Part C — Cross-cohort validation & discovery (7.0–10.0)

Context

Parts A and B looked at 10.0 alone. Part C uses the multi-cohort dataset (6.0 through 10.0, plus alumni outcome data) to validate findings, test for trends, and ask discovery questions we can't answer from 10.0 alone. 8 analyses across cohorts.

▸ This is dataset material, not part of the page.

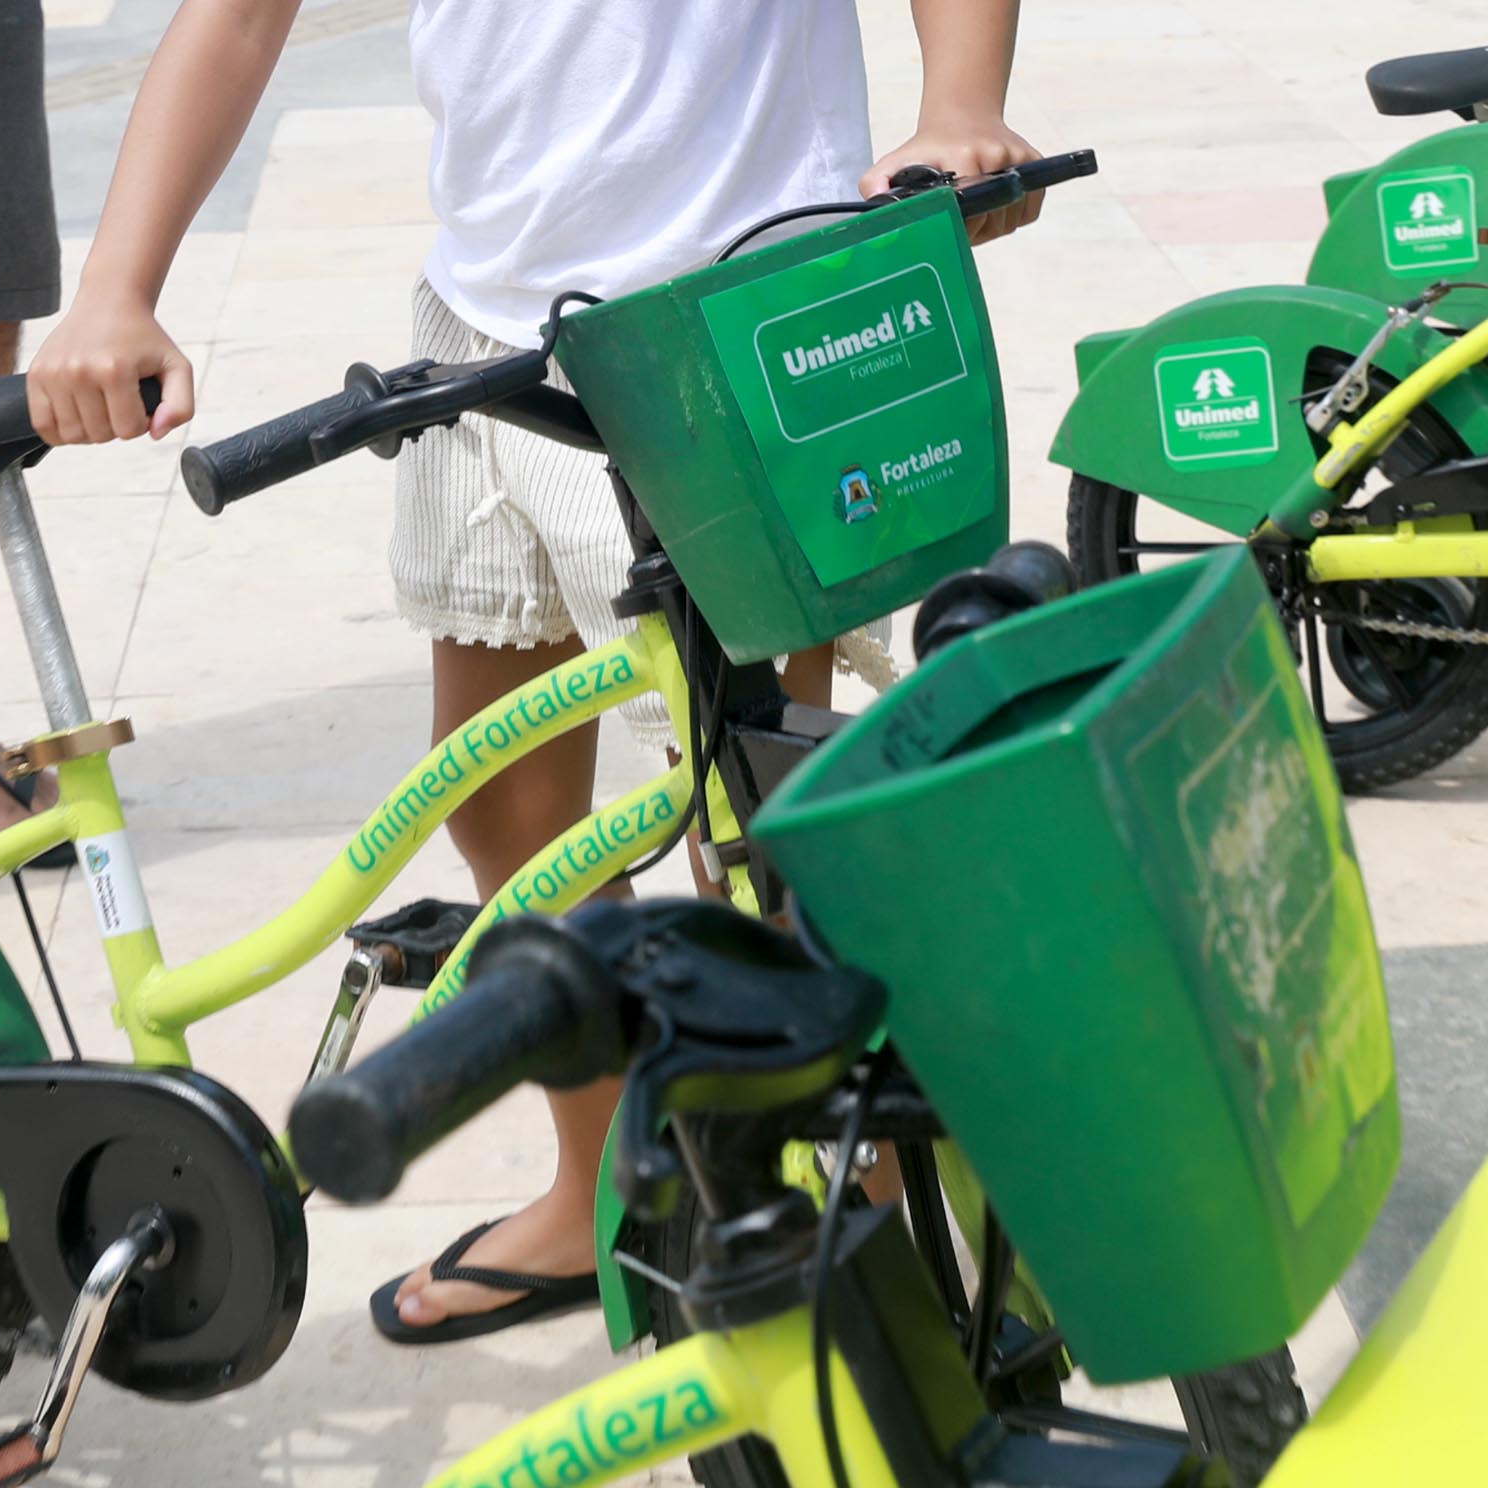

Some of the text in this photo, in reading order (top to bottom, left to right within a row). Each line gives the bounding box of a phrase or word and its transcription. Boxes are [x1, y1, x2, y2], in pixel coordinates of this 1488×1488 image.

Cohort timeline (click to expand)

Headline findings

  1. The "CodeSignal paradox" replicates across cohorts 7.0, 8.0, and 9.0. CodeSignal predicts who passes the bar (AUC 0.70–0.78) but does NOT predict mentor evaluations of in-program performance (ρ ≈ 0 across cohorts). Three cohorts of evidence. C1 results.
  2. Application features explain <25% of mentor-eval variance. Across 7.0/8.0/9.0, application-time predictors hit R² = 0.08 (7.0), 0.34 (8.0), 0.26 (9.0). Selection from applications is fundamentally noisy. C2 results.
  3. Centralized "publication record" review carries consistent signal for predicting both mentor evals (C2) and post-program publications (C3, in-sample AUCs 0.72–0.78 across cohorts). The clearest "keep this signal" finding. C3 results.
  4. Mentor-eval distributions are remarkably stable across 6.0/7.0/8.0/9.0. Mean composite hovers at 7.2–7.5/10; fraction "high quality" (≥8) sits at 25–35% across cohorts. The shift from decentralized to partially-centralized in 9.0 didn't produce a visible quality bump. C4 results.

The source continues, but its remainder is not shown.